Automation and frontline staff are the ultimate “power couple.” For both of these aspects of customer support, feedback is essential to creating a better CX. Monitoring customer interactions provides real-time insights that can help contact centers to resolve issues.
Automation tools can help agents to improve performance by analyzing and scoring customer interactions. Customer feedback can also offer insights to improve automation and further boost agent productivity.
Customer-centric automation needs the input and feedback of those who make up the contact center: agents, supervisors, admins, and managers.
Rather than depending on outsourced help from those who are far away from customer service, truly customer-centric companies must democratize the settings and changes to automation by empowering non-technical staff to make those changes.
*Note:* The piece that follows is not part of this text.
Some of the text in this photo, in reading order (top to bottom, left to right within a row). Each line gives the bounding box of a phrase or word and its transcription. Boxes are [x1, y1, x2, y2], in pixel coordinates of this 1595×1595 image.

Making frontline teams the custodians of automation can unlock the diversity of thinking to improve automation performance and the customer experience.
Customer-Centric Automation Wins in a Variety of Ways.
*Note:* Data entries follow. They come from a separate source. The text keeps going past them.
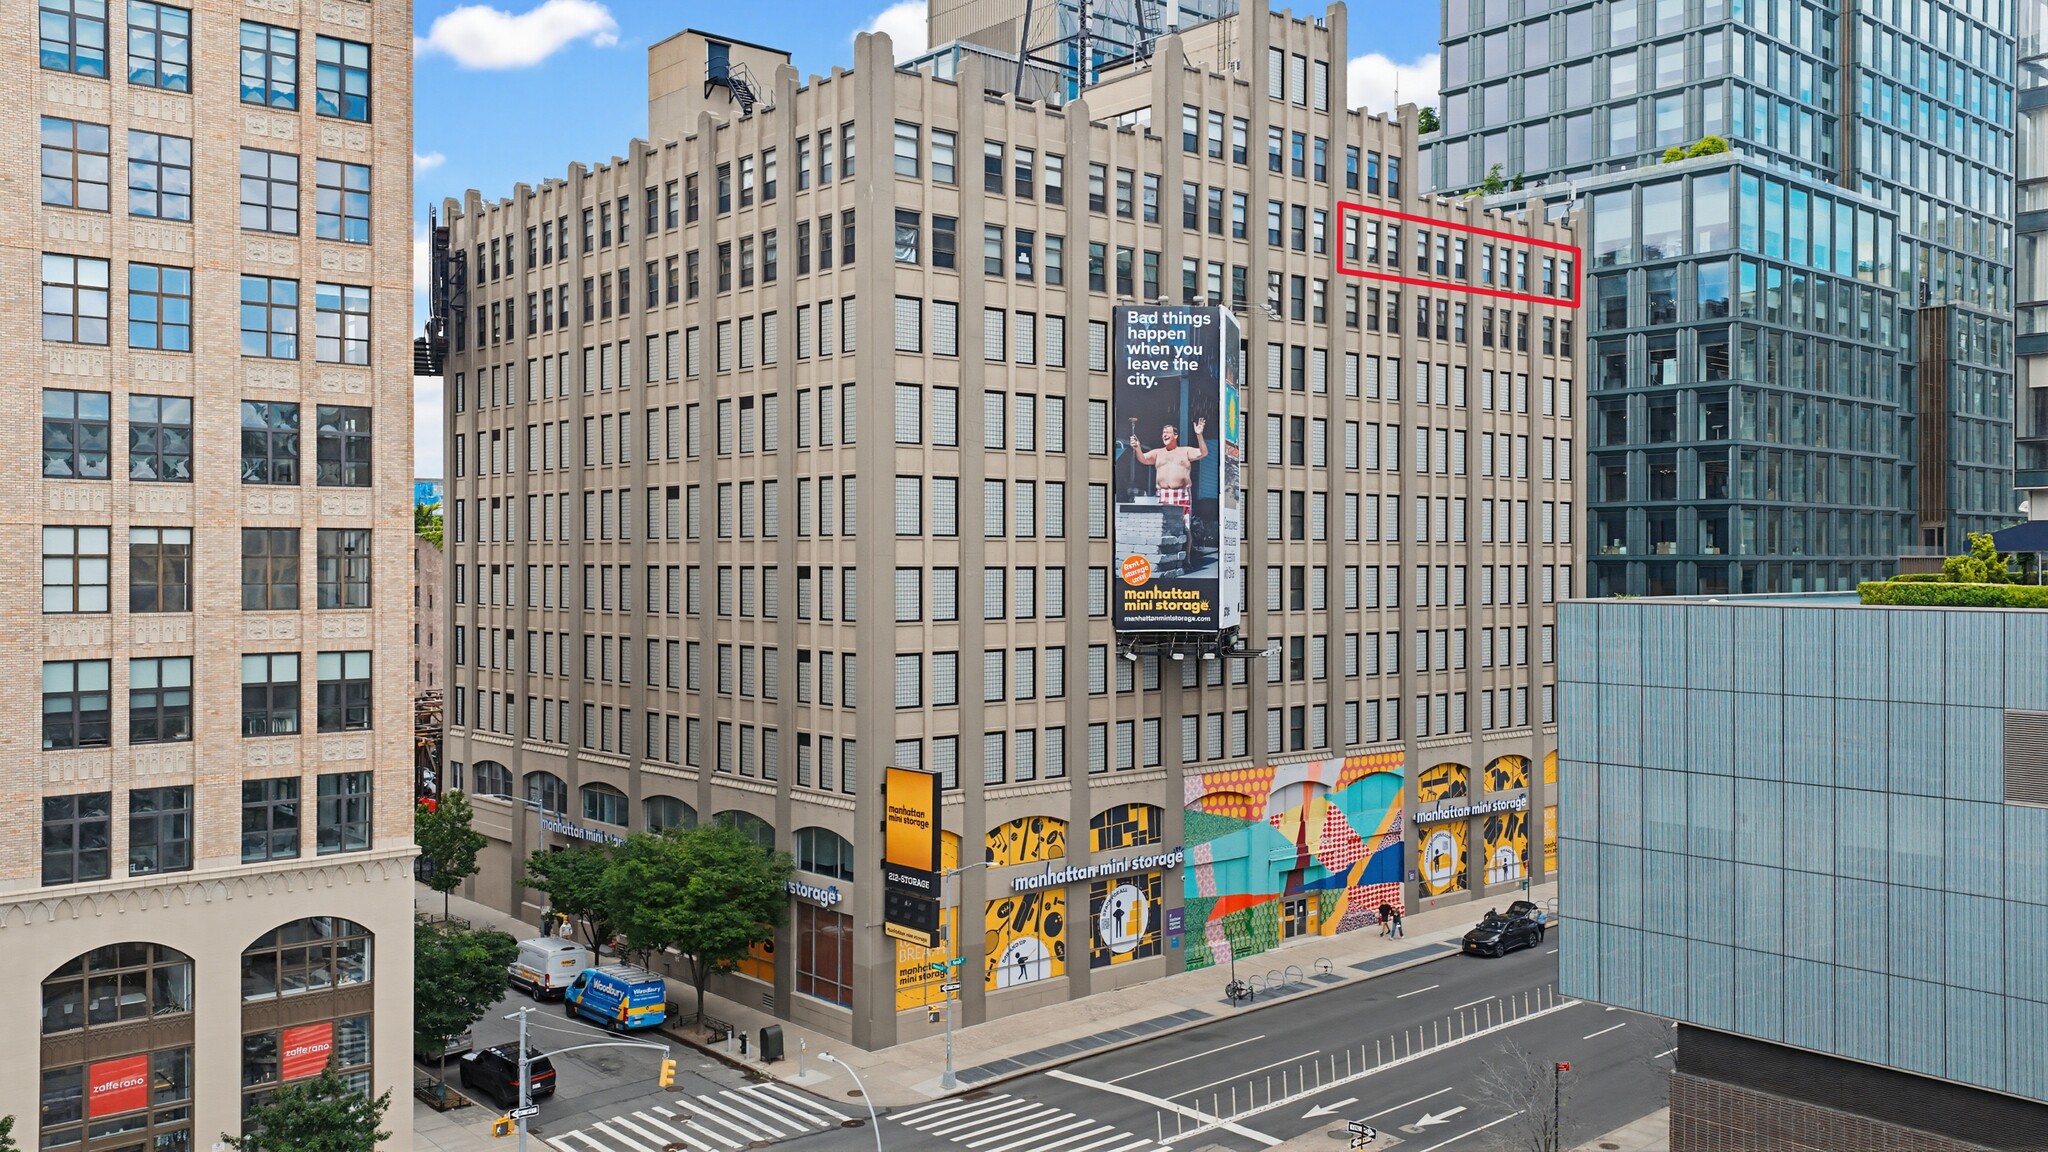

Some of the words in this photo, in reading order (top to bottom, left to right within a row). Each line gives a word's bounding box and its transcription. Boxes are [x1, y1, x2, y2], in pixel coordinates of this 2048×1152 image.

[1128, 311, 1158, 324] Bad
[1162, 311, 1211, 328] things
[1127, 327, 1186, 342] happen
[1127, 342, 1170, 355] when
[1174, 345, 1203, 358] you
[1127, 357, 1169, 370] leave
[1173, 358, 1199, 370] the
[1127, 373, 1158, 388] city.
[1124, 584, 1200, 600] manhattan
[1124, 600, 1153, 611] mini
[1155, 600, 1210, 614] storage
[889, 804, 925, 818] manhattan
[1417, 801, 1470, 823] manhattan
[1471, 801, 1491, 814] mini
[1493, 794, 1527, 811] storage
[542, 813, 585, 839] manhattan
[889, 814, 902, 823] mini
[904, 817, 929, 830] storage
[1014, 862, 1096, 891] manhattan
[1100, 857, 1129, 876] mini
[1132, 847, 1184, 869] storage
[888, 872, 930, 889] 212-STORAGE
[788, 881, 837, 907] storage
[899, 974, 917, 985] mini
[593, 978, 625, 1001] Woodbury
[633, 986, 661, 995] Woodbury
[285, 1042, 330, 1057] zafferano
[93, 1077, 144, 1093] zafferano
Automation through conversational AI brings a wealth of benefits, unlocking reduced costs, higher revenue, and better customer satisfaction. But it can also support business outcomes in the face of staffing shortages by saving time and boosting productivity.
What’s more, customer-centric automation will lead the way to the next generation of customer support: Gen Z. This up-and-coming portion of the workforce will demand that workplaces use technology for more efficient and innovative workflows.
AI and automation don’t signal the end of incredible customer service. On the contrary, customer-centric automation is the future of CX.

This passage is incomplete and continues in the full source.